(Items from a data source)
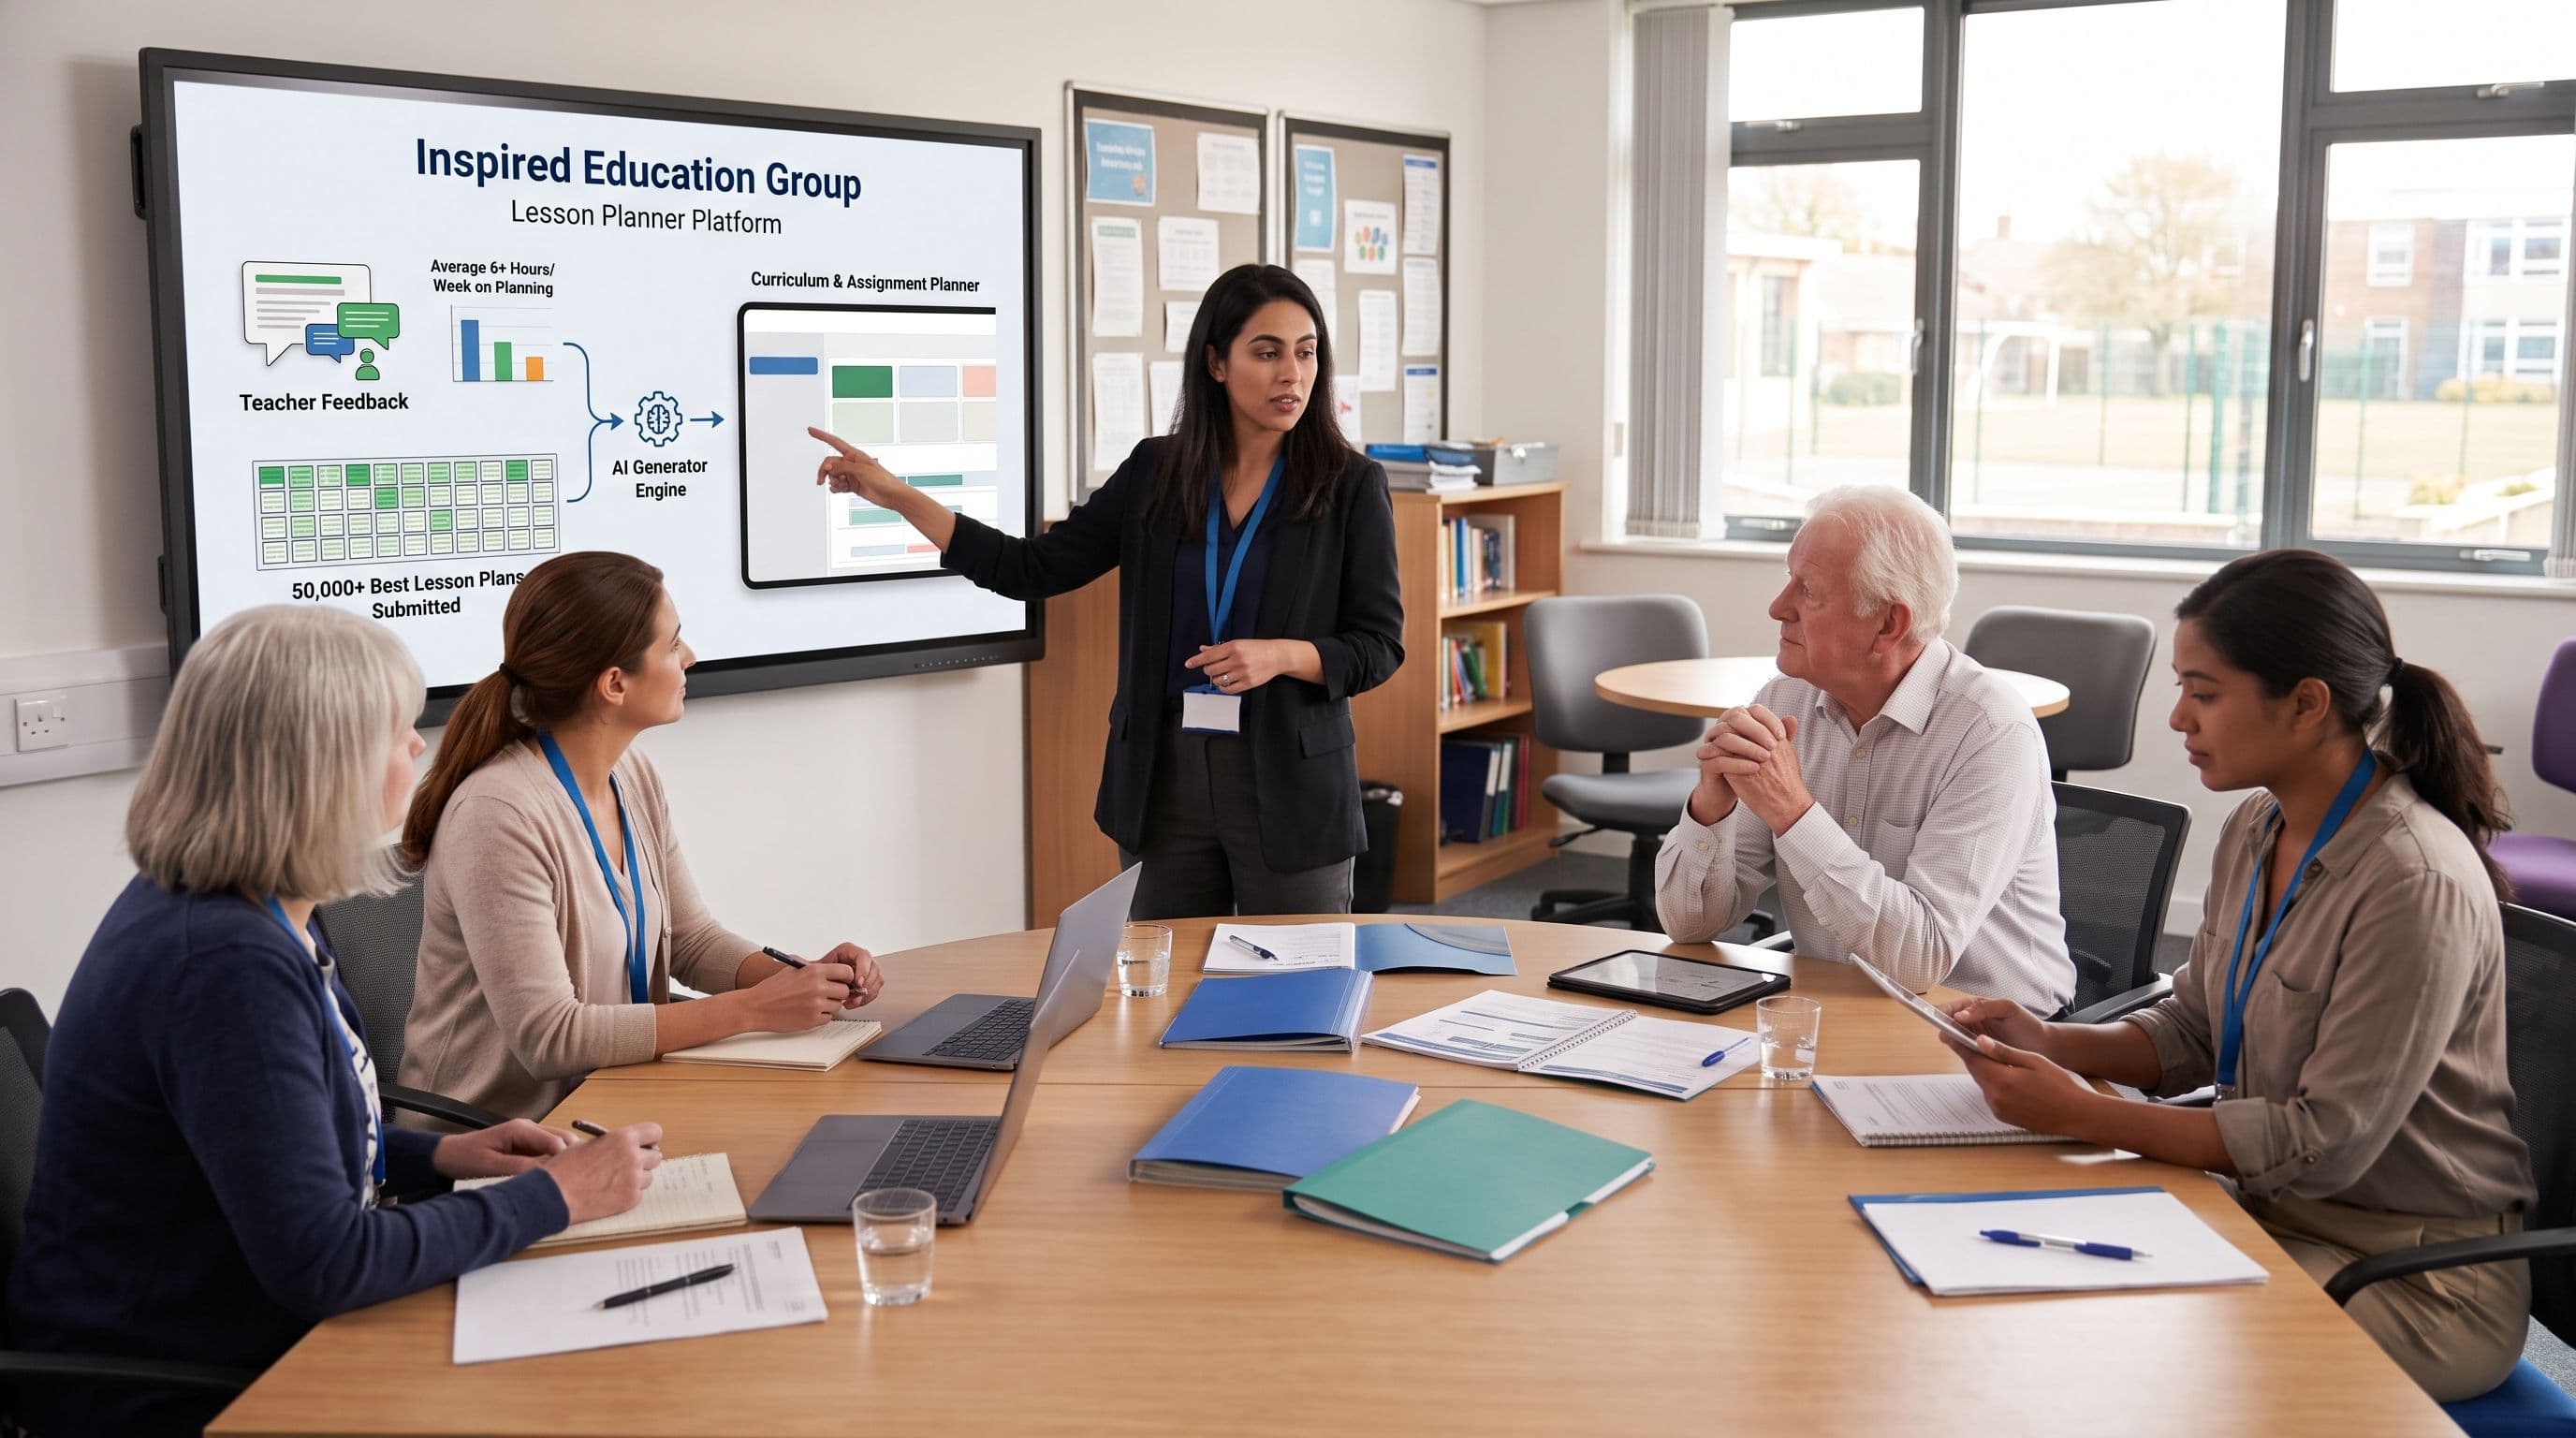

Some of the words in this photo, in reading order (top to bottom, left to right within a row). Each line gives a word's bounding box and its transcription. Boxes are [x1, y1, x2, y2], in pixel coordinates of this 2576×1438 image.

[417, 138, 571, 188] Inspired
[584, 149, 755, 194] Education
[766, 162, 862, 209] Group
[511, 198, 594, 226] Lesson
[602, 203, 686, 230] Planner
[693, 208, 782, 235] Platform
[430, 258, 487, 277] Average
[490, 260, 507, 274] 6+
[510, 261, 556, 277] Hours/
[432, 278, 472, 293] Week
[475, 283, 492, 294] on
[495, 280, 553, 299] Planning
[751, 271, 829, 288] Curriculum
[832, 273, 843, 288] &
[846, 274, 928, 293] Assignment
[930, 276, 980, 293] Planner
[239, 392, 317, 412] Teacher
[321, 391, 409, 411] Feedback
[611, 460, 628, 476] AI
[633, 459, 709, 475] Generator
[636, 481, 687, 502] Engine
[291, 579, 366, 602] 50,000+
[370, 577, 410, 594] Best
[414, 575, 475, 592] Lesson
[479, 570, 524, 587] Plans
[372, 595, 461, 620] Submitted
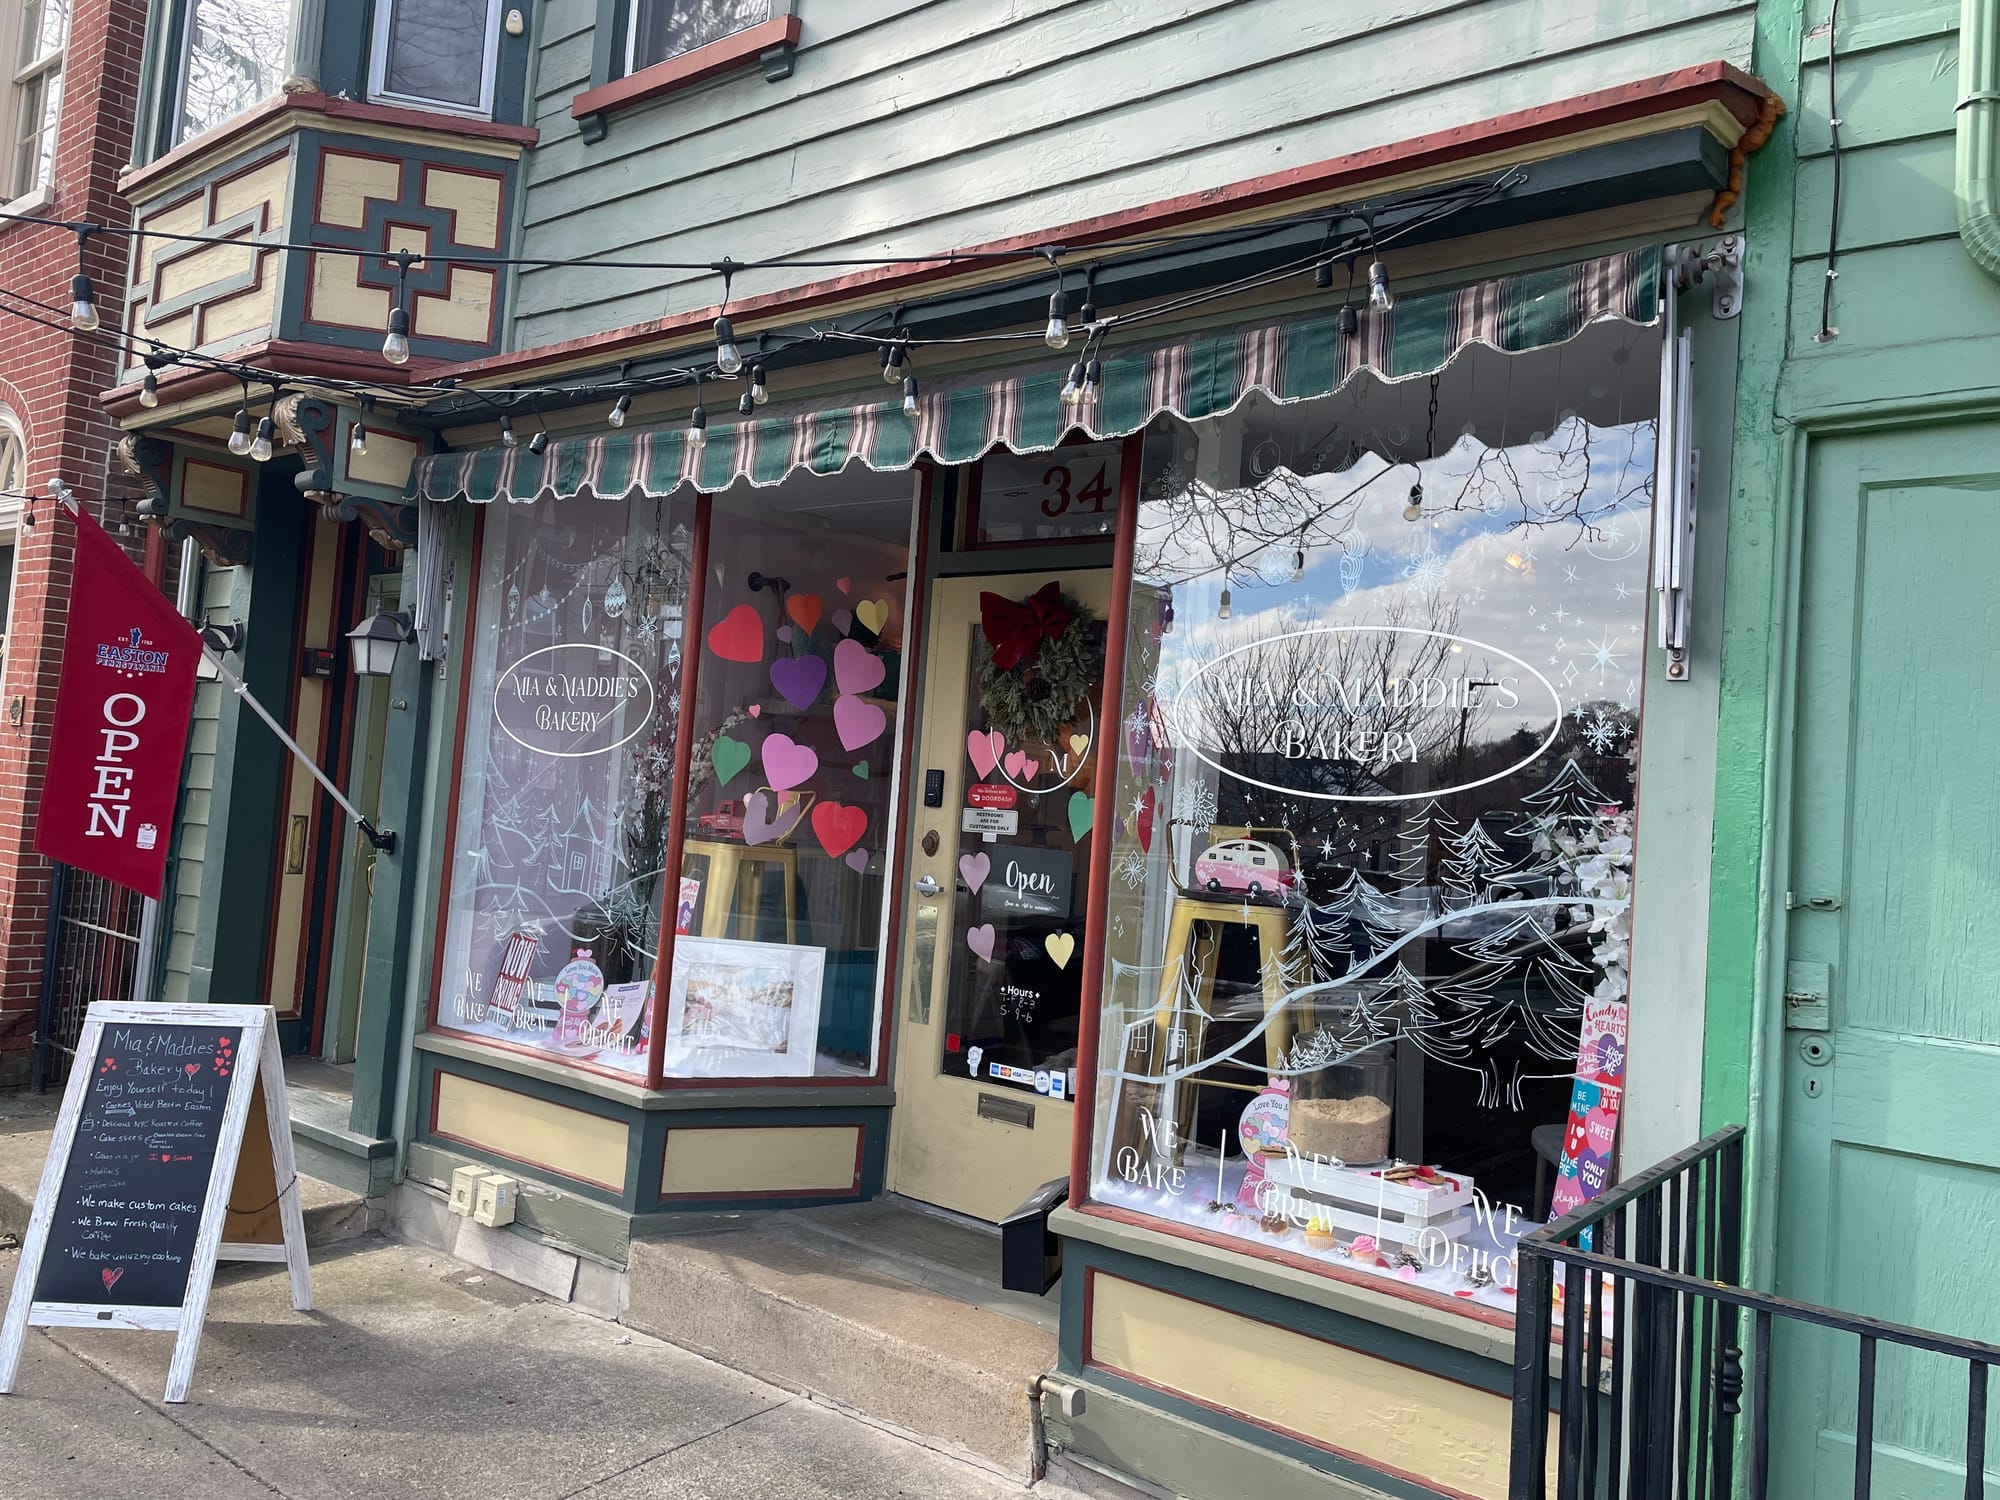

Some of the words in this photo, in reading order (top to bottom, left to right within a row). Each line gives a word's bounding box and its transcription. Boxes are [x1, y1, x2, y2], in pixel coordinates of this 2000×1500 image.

### Exercise
Output every record above exactly as written, but skip the pictures.

### Solution
Some of the words in this photo, in reading order (top to bottom, left to right within a row). Each line gives a word's bounding box and its transcription. Boxes are [x1, y1, x2, y2], in pixel coordinates of this 2576×1438 image.

[417, 138, 571, 188] Inspired
[584, 149, 755, 194] Education
[766, 162, 862, 209] Group
[511, 198, 594, 226] Lesson
[602, 203, 686, 230] Planner
[693, 208, 782, 235] Platform
[430, 258, 487, 277] Average
[490, 260, 507, 274] 6+
[510, 261, 556, 277] Hours/
[432, 278, 472, 293] Week
[475, 283, 492, 294] on
[495, 280, 553, 299] Planning
[751, 271, 829, 288] Curriculum
[832, 273, 843, 288] &
[846, 274, 928, 293] Assignment
[930, 276, 980, 293] Planner
[239, 392, 317, 412] Teacher
[321, 391, 409, 411] Feedback
[611, 460, 628, 476] AI
[633, 459, 709, 475] Generator
[636, 481, 687, 502] Engine
[291, 579, 366, 602] 50,000+
[370, 577, 410, 594] Best
[414, 575, 475, 592] Lesson
[479, 570, 524, 587] Plans
[372, 595, 461, 620] Submitted

Some of the words in this photo, in reading order (top to bottom, left to right within a row). Each line gives a word's bounding box and its transcription. Boxes are [x1, y1, x2, y2], in pixel coordinates of this 2000×1500 image.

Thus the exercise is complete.